Co-written by Scott Cawthon, the original creator of the Five Nights at Freddy’s video game, the movie is jam-packed with references to the gameplay and online fandom. The film is a collection of theories, easter eggs and cameos, including those of YouTubers MatPat and CoryxKenshin, that left audience members gasping in shock.
It’s evident the film wasn’t made for wider commercial reach. However, mainly appealing to the game’s fanbase limits its entertainment value for people unfamiliar with the franchise.
While I appreciate the clear care and attention filmmakers took to indulge longtime fans, it drags down the storyline. I know that if I wasn’t familiar with the lore, the film would not have left an impression on me.
The audience was met with a somewhat predictable storyline as the film began. Josh Hutcherson plays Mike Schmidt, a struggling security guard who takes up the night shift at an abandoned pizza funhouse. As Mike works more nights at his new job, sinister intentions by ghost children and animatronics are revealed, culminating in new discoveries about Mike’s past. Just as in the original video game, the audience views the story through Mike’s perspective, but this time the stakes feel lower.
Five Nights at Freddy’s, likely due to its PG-13 rating, feels less like a horror film than it does a character study of Mike. The jumpscares and gore synonymous with the franchise are sidelined for a subplot where Mike’s guardianship over his younger sister Abby Schmidt is threatened.

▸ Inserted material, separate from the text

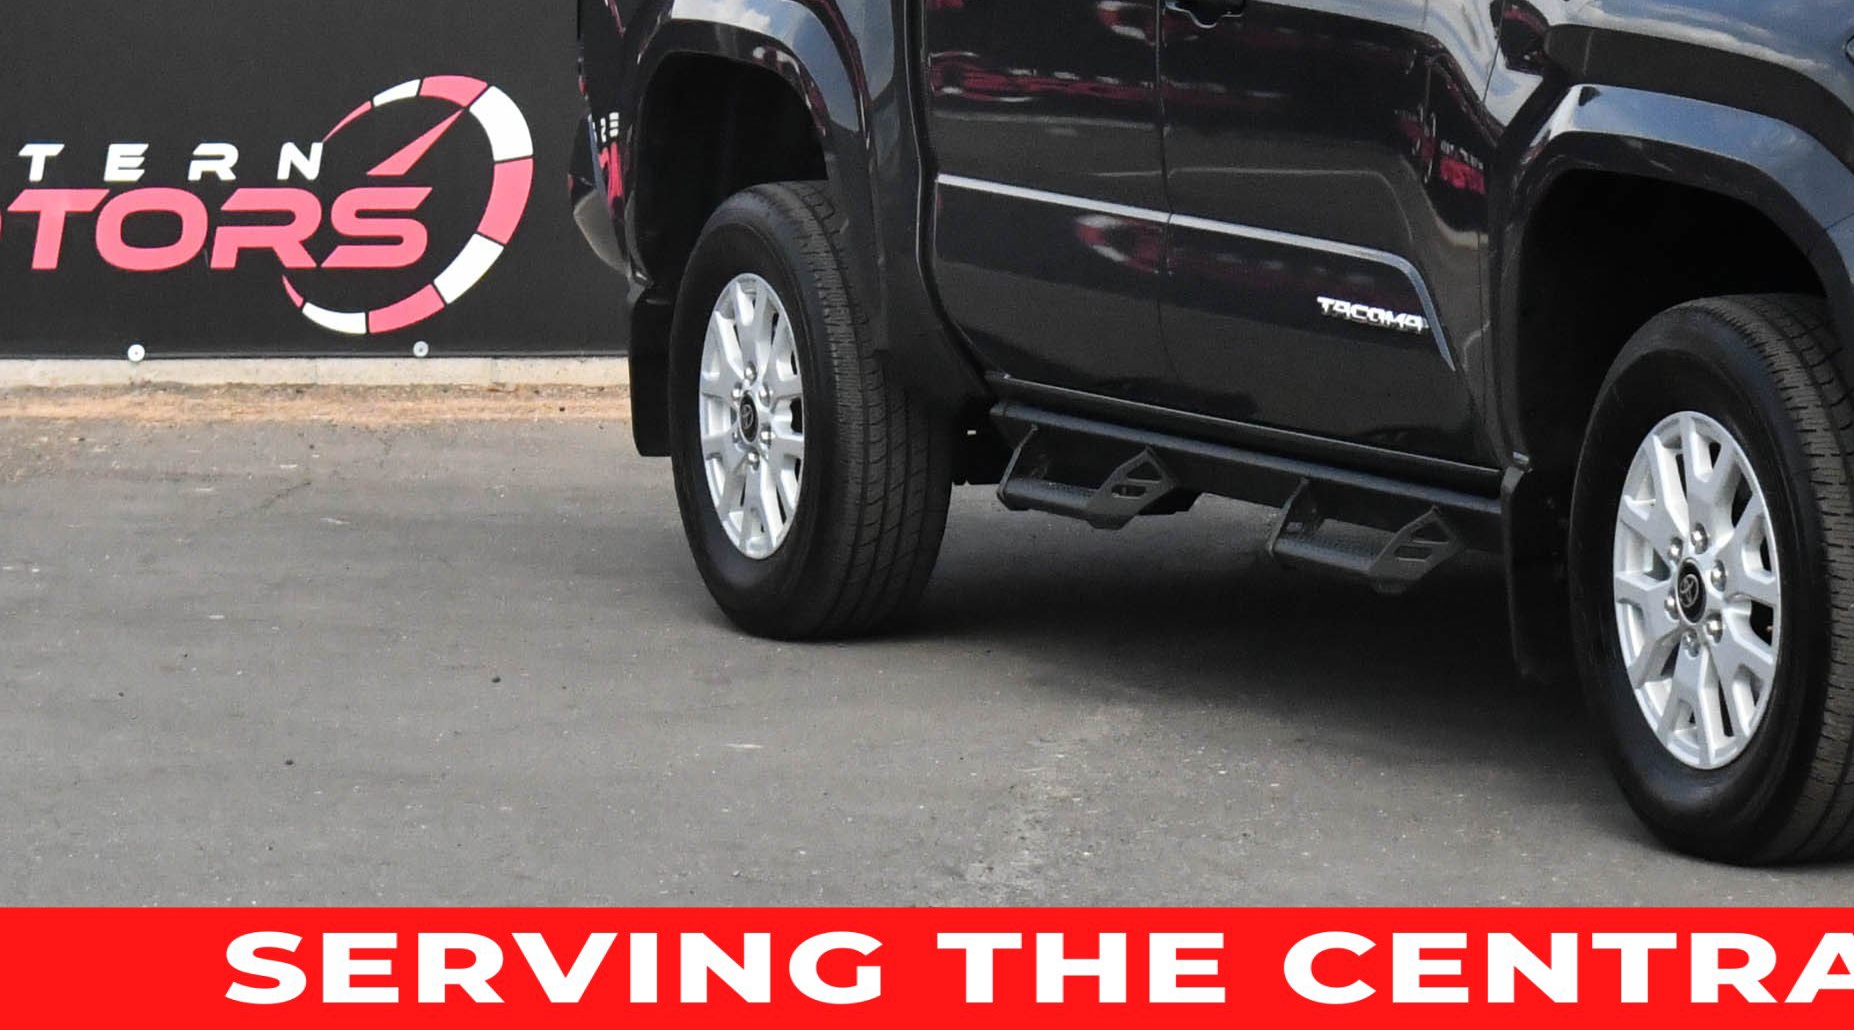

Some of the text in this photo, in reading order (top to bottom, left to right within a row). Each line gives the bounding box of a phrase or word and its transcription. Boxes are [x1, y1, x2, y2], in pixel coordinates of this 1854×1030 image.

[19, 142, 323, 181] TERN
[8, 187, 432, 271] TORS
[1317, 296, 1422, 334] TACOMA

Vanessa Shelly, played by Elizabeth Lail, feels more like a guide to understanding the lore references rather than a fleshed out character. Her role in the film felt unnecessary, as the characters could have figured out the mystery behind the animatronics on their own. Vanessa, a police officer, could be easily overlooked in the film.
The movie also underutilizes the animatronics, instead highlighting the “Missing Children Incident” made prevalent by online theorists. This lack of focus causes the reveal of antagonist William Afton, played by horror film veteran Matthew Lillard, to be seriously downplayed.

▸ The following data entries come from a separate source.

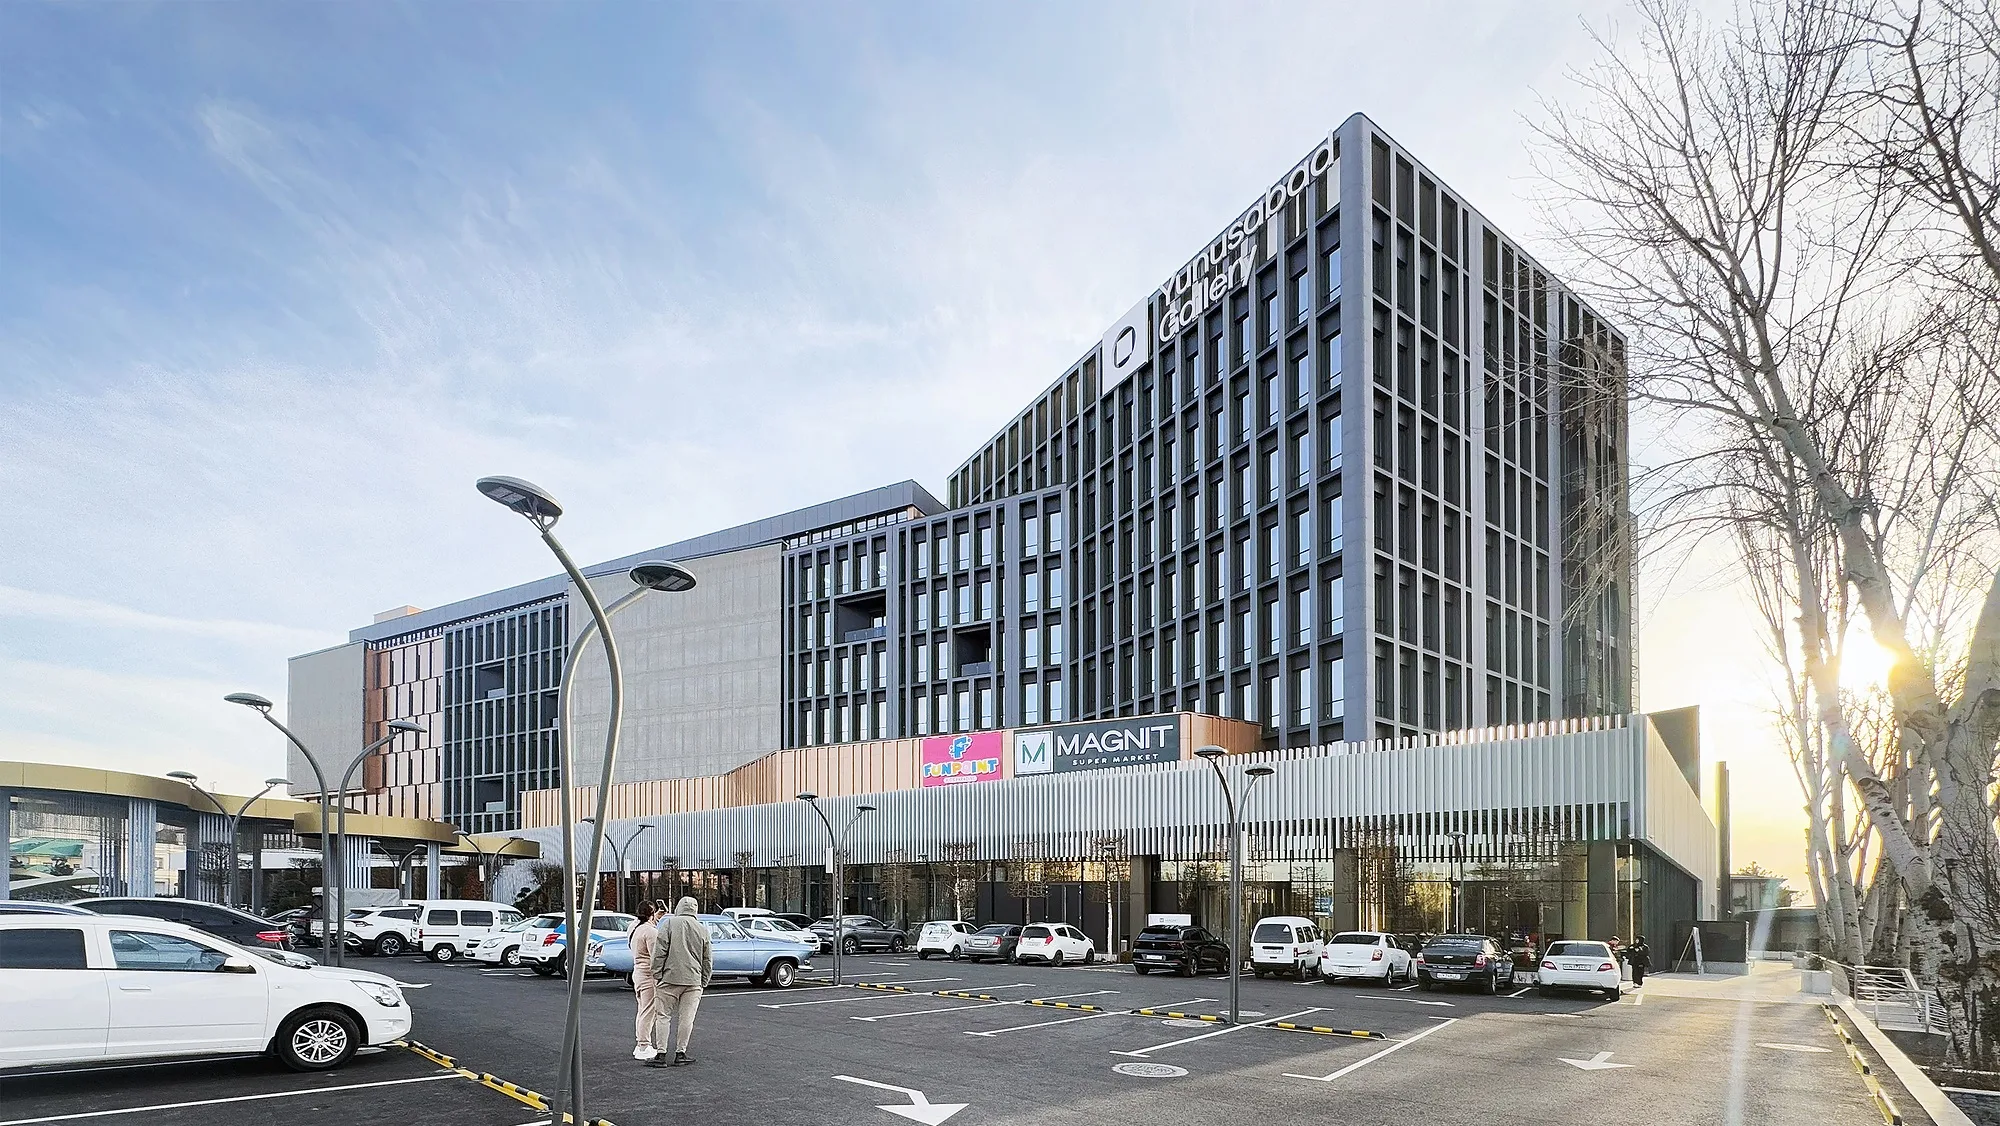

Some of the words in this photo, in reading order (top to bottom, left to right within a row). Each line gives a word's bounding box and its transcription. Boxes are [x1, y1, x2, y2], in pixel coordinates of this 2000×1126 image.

[1159, 129, 1334, 306] Yunusabad
[1160, 244, 1257, 342] Gallery
[1057, 725, 1174, 756] MAGNIT
[923, 758, 999, 777] FUNPOINT
[1072, 757, 1108, 766] SUPER
[1112, 753, 1159, 763] MARKET

Highlighting the role of Abby, played by Piper Rubio, helped the plot gain a foothold. In a movie that emphasizes the ghosts of children over the robot animals the game is known for, it’s helpful to have a child’s perspective in the story. However, Abby’s role felt one dimensional as the film progressed.
The plot of Five Nights at Freddy’s is a weak vessel for the iconic lore of the franchise. The film alienated new fans because it rehashed lore without explanation. Only longtime fans could enjoy the film without feeling dragged down by the plot.

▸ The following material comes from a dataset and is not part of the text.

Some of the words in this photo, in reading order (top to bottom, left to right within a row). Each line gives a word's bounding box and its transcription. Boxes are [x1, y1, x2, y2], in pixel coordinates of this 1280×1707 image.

Despite this, I immensely enjoyed watching the movie. Audience members gasped, laughed and screamed in tandem, and this solidarity made watching the film electric. Although I did become nauseous when the end credits began and the opening notes of “Five Nights at Freddy’s” by The Living Tombstone began playing.
This movie was by and largely made for fans of the game and lore. Funny, serious and sometimes silly, Five Nights at Freddy’s is a must-watch for fans of the game.